Looking at each line of the data below, tally those that contain the word "КАМЕНЬ" and give only the total.

*****

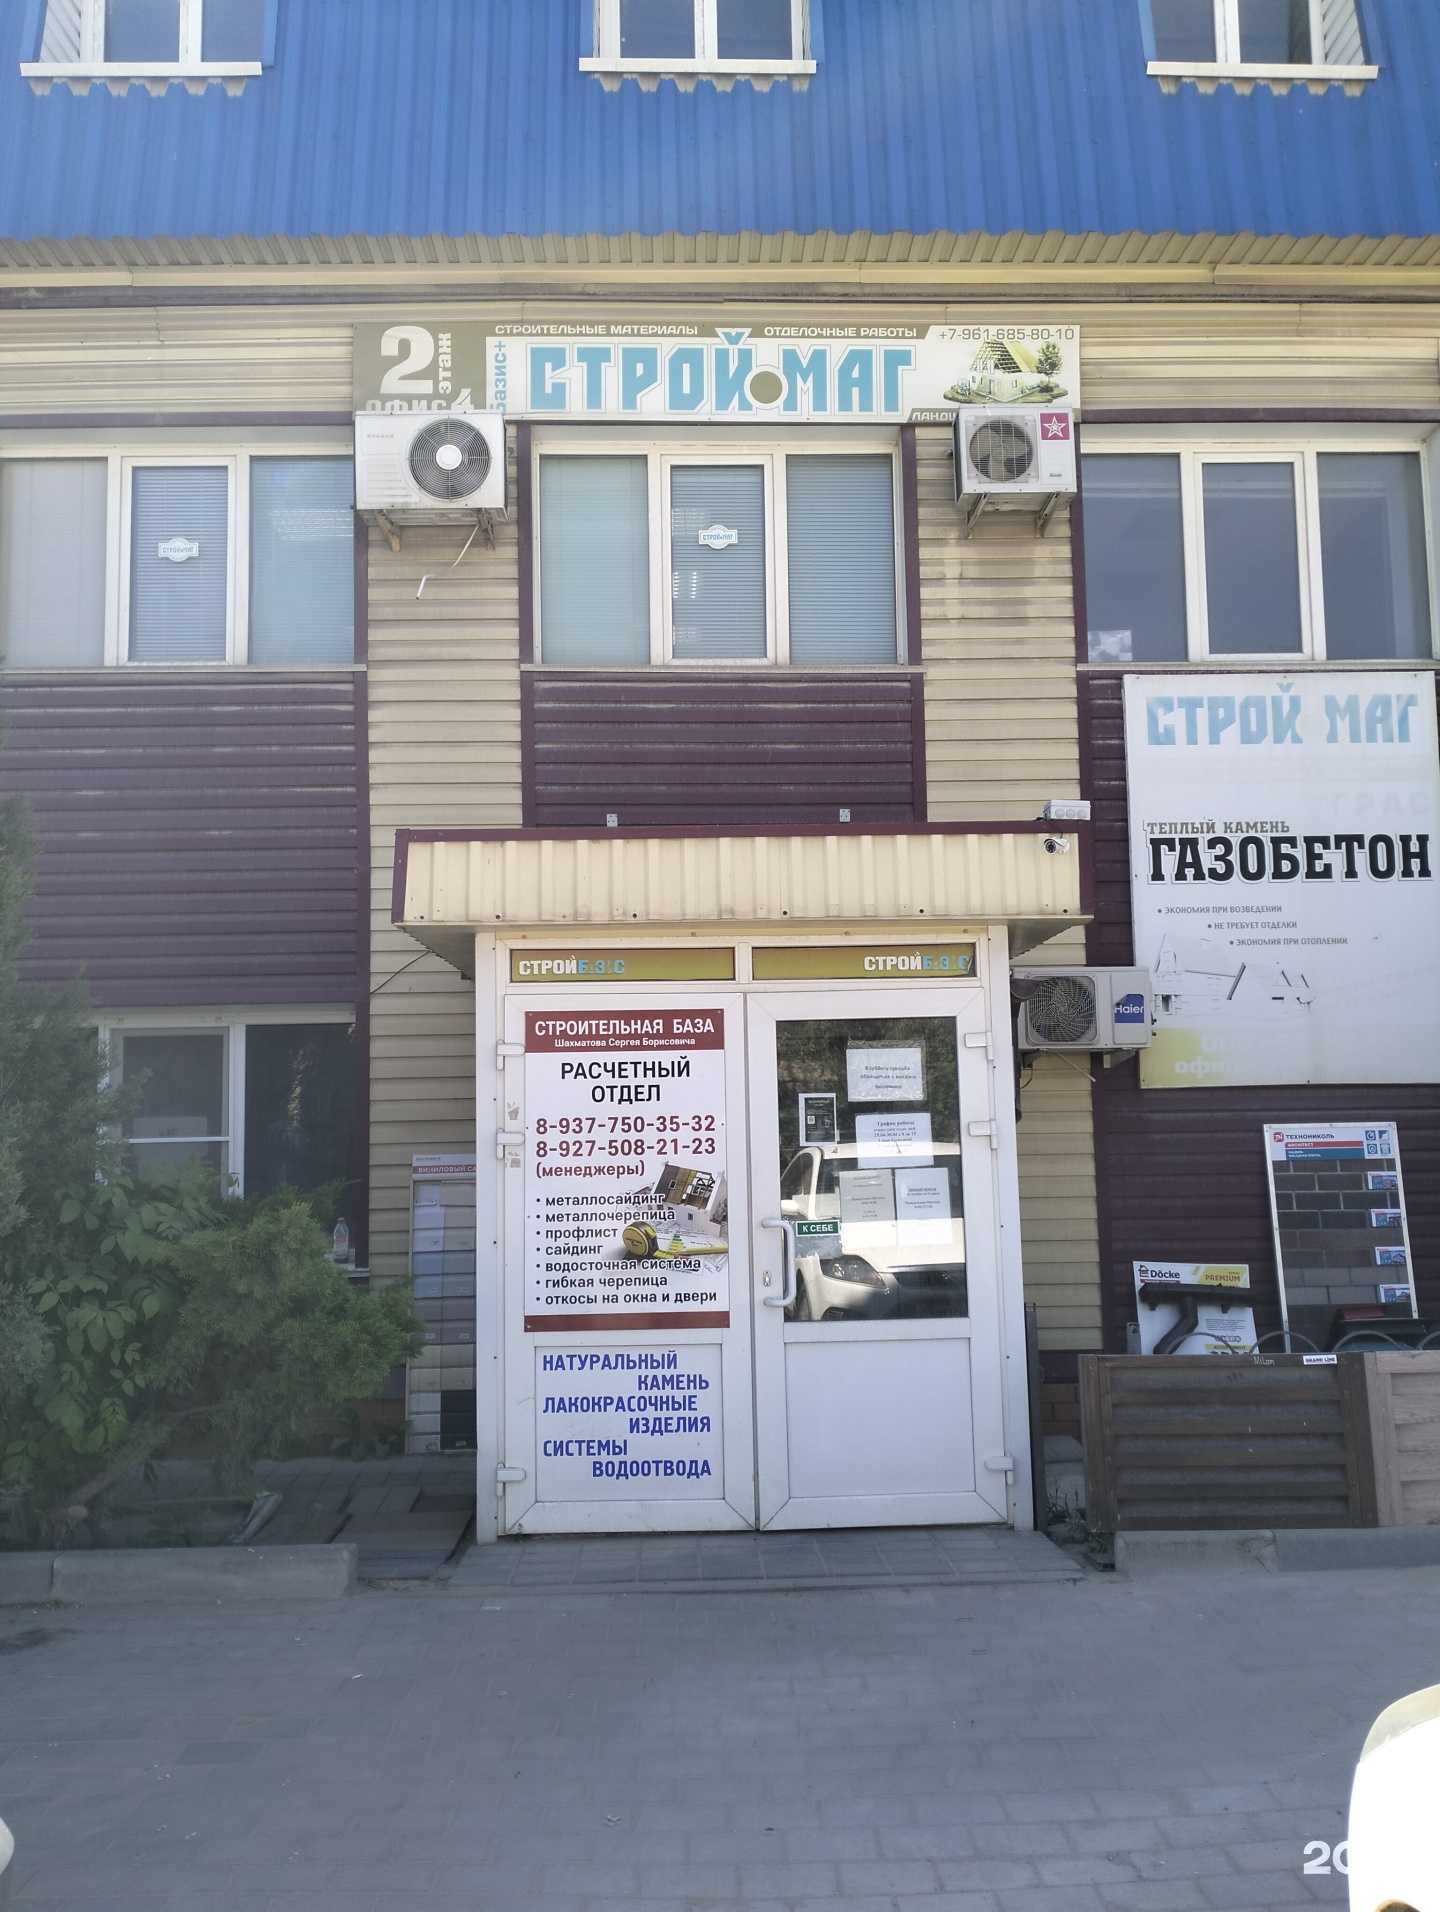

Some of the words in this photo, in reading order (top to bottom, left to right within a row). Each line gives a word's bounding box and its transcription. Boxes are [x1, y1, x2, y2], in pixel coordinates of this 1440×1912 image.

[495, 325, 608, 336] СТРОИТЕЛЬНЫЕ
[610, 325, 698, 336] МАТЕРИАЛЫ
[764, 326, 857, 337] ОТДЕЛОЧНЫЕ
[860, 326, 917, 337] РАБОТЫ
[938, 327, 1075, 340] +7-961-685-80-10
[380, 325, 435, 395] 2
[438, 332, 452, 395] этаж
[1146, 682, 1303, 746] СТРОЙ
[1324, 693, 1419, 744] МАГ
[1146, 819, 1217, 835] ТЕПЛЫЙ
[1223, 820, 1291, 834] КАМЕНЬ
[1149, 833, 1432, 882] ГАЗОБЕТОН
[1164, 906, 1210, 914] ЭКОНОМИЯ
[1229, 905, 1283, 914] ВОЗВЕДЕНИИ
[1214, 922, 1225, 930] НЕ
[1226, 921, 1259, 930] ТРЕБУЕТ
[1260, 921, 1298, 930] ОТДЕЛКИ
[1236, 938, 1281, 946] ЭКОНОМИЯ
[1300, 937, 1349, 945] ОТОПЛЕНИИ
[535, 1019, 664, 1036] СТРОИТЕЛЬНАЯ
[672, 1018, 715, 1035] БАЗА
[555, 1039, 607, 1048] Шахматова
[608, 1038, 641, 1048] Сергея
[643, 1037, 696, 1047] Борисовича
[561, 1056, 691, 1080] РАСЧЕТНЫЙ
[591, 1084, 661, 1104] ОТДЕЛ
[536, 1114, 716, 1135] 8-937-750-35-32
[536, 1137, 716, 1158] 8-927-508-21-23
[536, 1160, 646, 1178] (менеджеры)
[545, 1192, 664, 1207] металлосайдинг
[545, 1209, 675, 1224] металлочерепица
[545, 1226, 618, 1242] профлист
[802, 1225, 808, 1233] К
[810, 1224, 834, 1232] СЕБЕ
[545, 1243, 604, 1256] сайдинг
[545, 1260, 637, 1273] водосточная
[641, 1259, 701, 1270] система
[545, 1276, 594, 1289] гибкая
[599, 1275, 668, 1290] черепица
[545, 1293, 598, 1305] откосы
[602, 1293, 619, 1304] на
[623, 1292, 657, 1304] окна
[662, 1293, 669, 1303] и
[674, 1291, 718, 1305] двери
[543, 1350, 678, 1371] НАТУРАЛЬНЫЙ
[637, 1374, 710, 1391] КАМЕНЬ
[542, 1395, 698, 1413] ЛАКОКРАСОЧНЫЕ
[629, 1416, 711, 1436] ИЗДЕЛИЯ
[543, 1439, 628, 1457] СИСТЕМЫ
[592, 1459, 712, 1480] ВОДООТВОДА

*****

→ **Final answer**: 2